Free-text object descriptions
*****

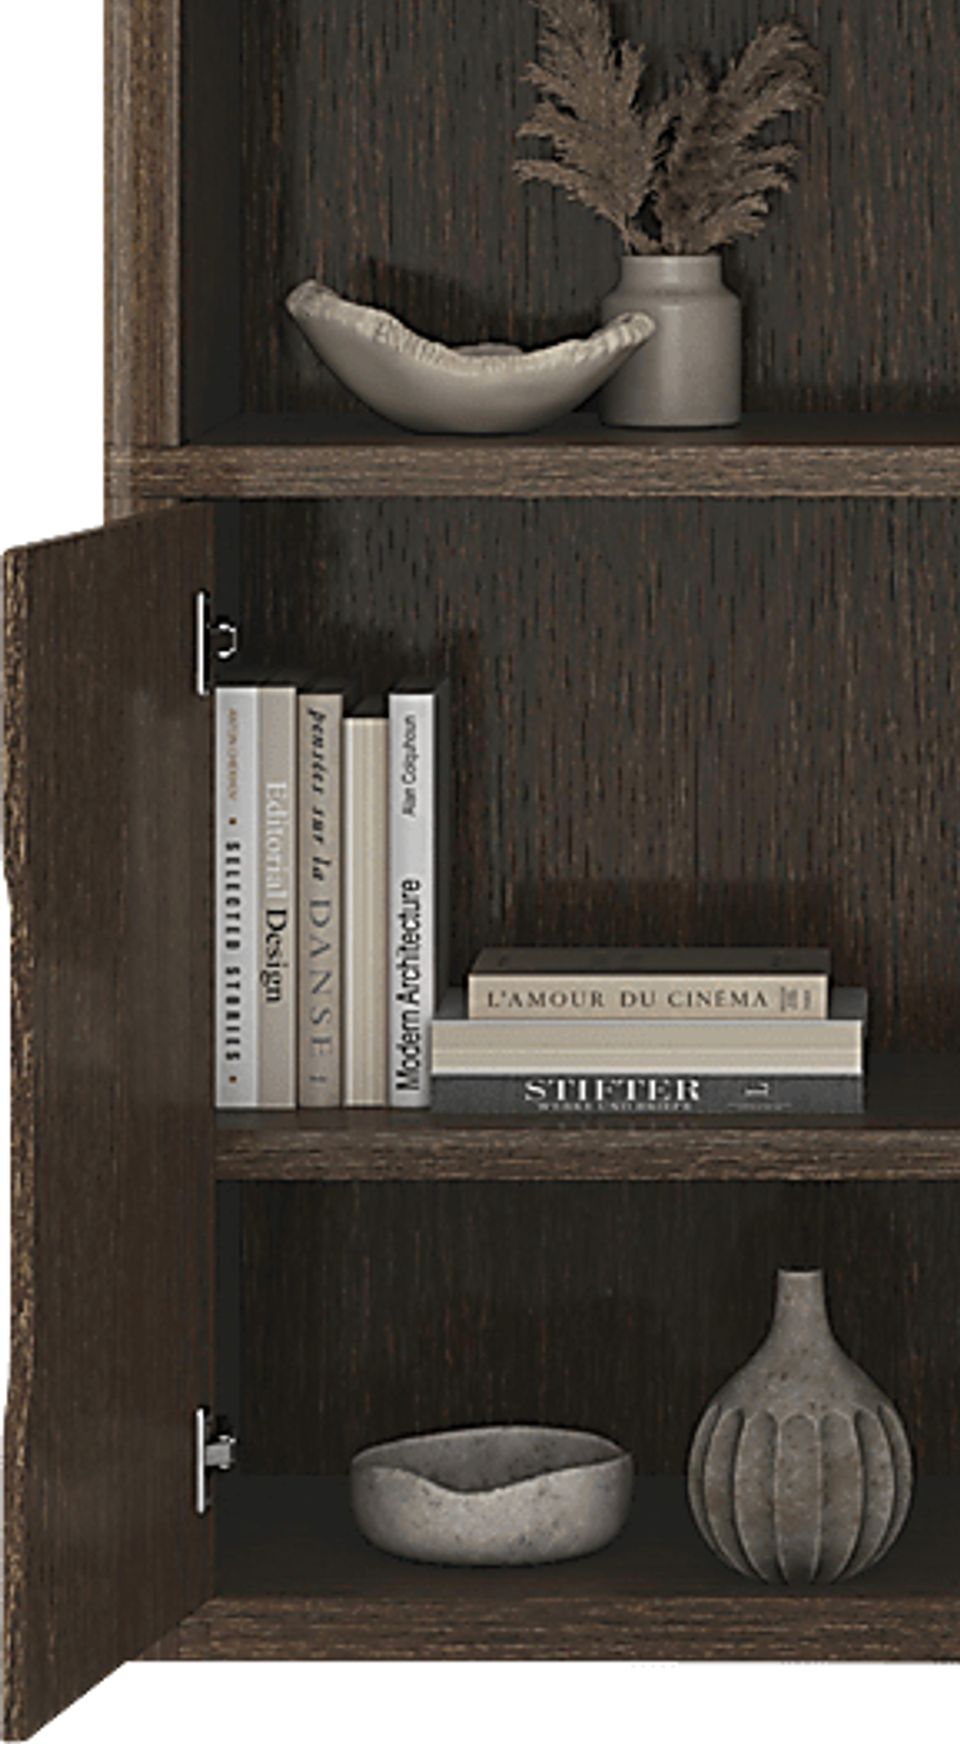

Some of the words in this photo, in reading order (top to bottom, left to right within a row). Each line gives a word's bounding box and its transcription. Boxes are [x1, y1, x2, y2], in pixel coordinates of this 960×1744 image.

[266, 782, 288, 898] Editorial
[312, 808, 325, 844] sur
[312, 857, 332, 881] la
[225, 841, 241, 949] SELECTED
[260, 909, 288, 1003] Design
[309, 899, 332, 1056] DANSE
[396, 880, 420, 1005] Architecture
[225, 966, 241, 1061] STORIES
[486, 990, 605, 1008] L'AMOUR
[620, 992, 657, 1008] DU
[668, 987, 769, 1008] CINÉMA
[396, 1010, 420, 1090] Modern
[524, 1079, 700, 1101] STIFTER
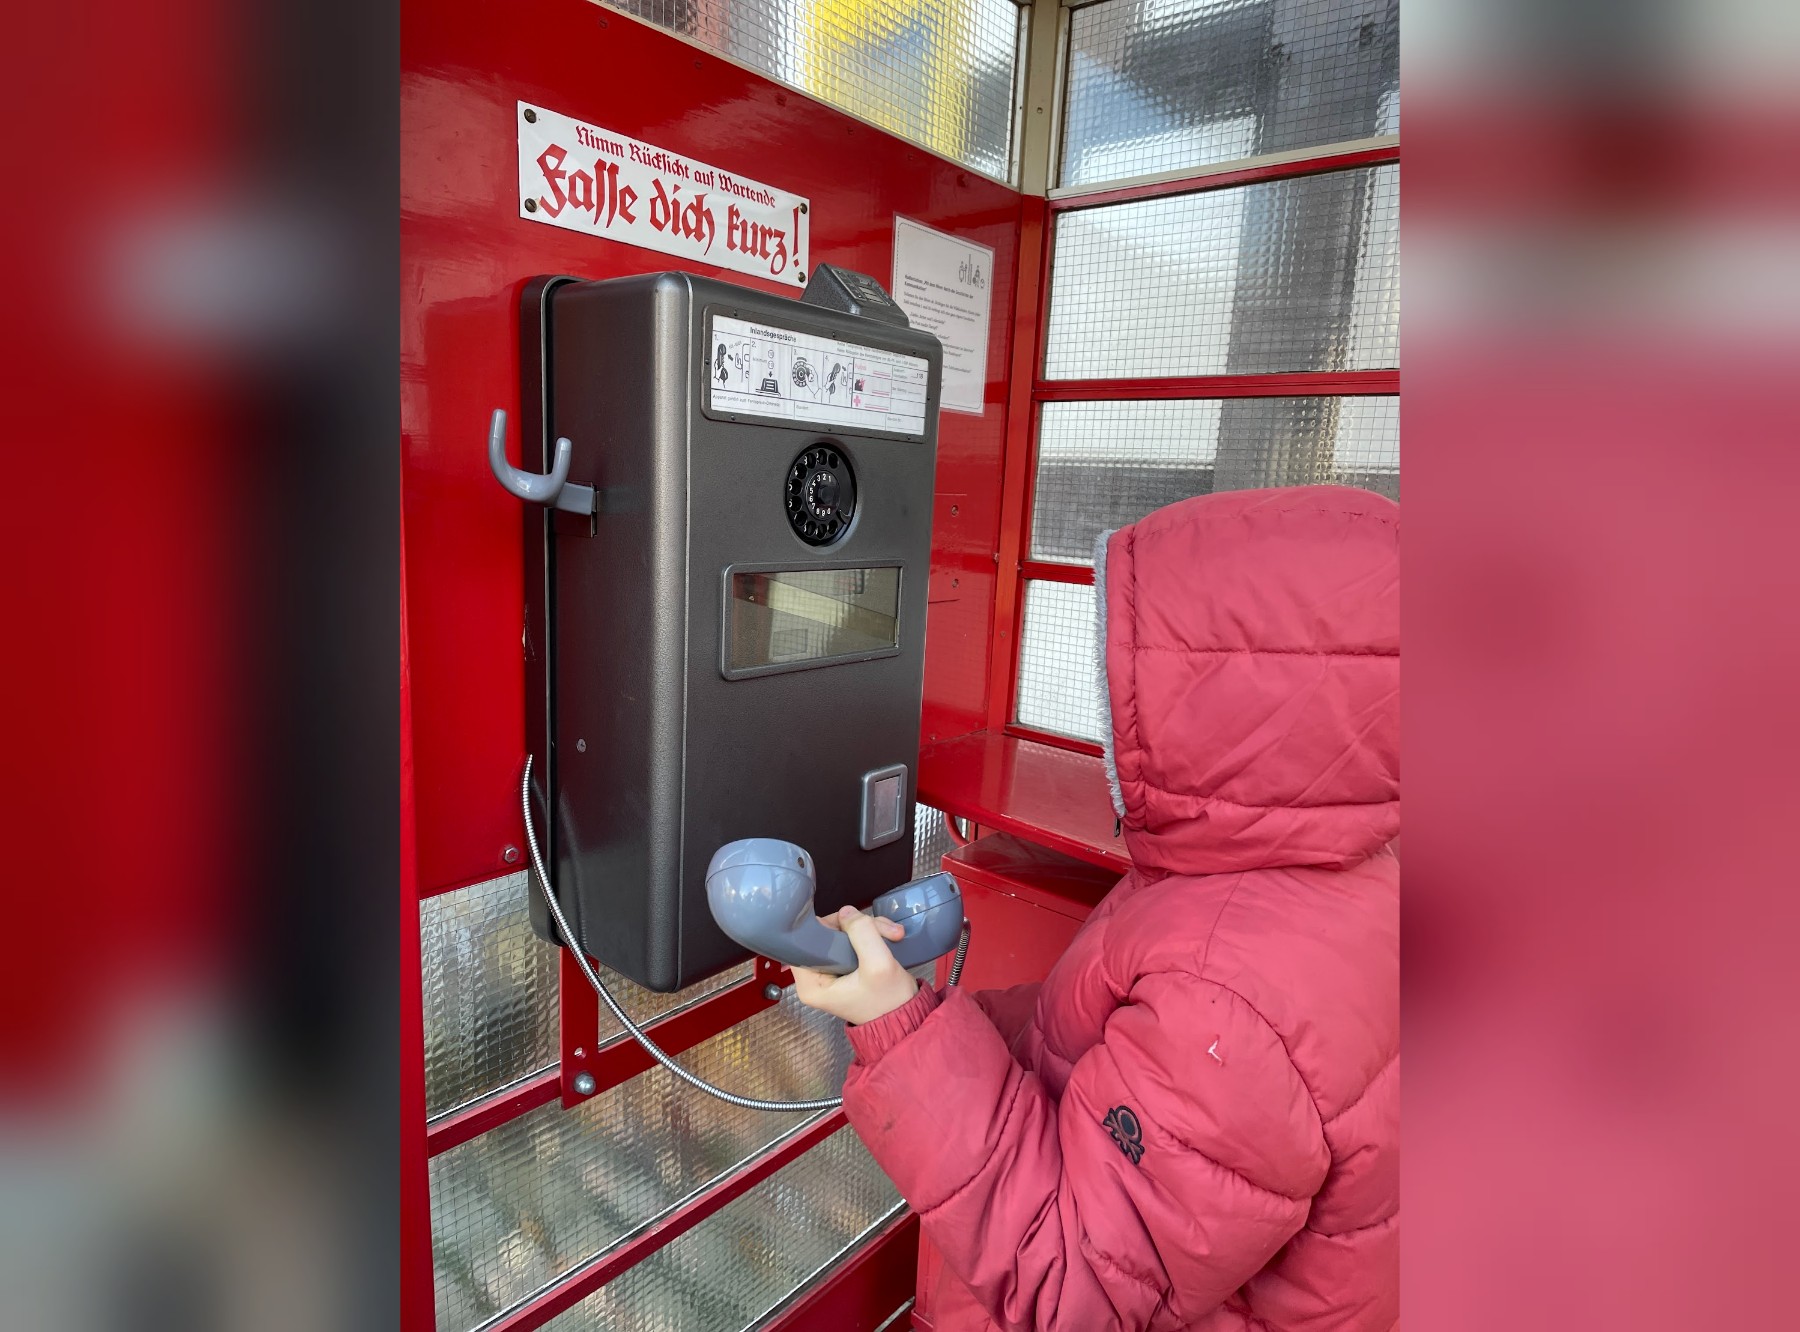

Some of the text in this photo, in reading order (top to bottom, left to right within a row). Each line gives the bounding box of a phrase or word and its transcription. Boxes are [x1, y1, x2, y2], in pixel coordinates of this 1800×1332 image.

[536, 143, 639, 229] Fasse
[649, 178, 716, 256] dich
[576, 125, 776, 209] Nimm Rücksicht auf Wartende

*****

**Aim of the task:** Transcribe every entry above exactly as it stands, but skip the images.

**Reply:**
Some of the words in this photo, in reading order (top to bottom, left to right within a row). Each line gives a word's bounding box and its transcription. Boxes are [x1, y1, x2, y2], in pixel coordinates of this 960×1744 image.

[266, 782, 288, 898] Editorial
[312, 808, 325, 844] sur
[312, 857, 332, 881] la
[225, 841, 241, 949] SELECTED
[260, 909, 288, 1003] Design
[309, 899, 332, 1056] DANSE
[396, 880, 420, 1005] Architecture
[225, 966, 241, 1061] STORIES
[486, 990, 605, 1008] L'AMOUR
[620, 992, 657, 1008] DU
[668, 987, 769, 1008] CINÉMA
[396, 1010, 420, 1090] Modern
[524, 1079, 700, 1101] STIFTER

Some of the text in this photo, in reading order (top to bottom, left to right within a row). Each line gives the bounding box of a phrase or word and its transcription. Boxes are [x1, y1, x2, y2], in pixel coordinates of this 1800×1332 image.

[536, 143, 639, 229] Fasse
[649, 178, 716, 256] dich
[576, 125, 776, 209] Nimm Rücksicht auf Wartende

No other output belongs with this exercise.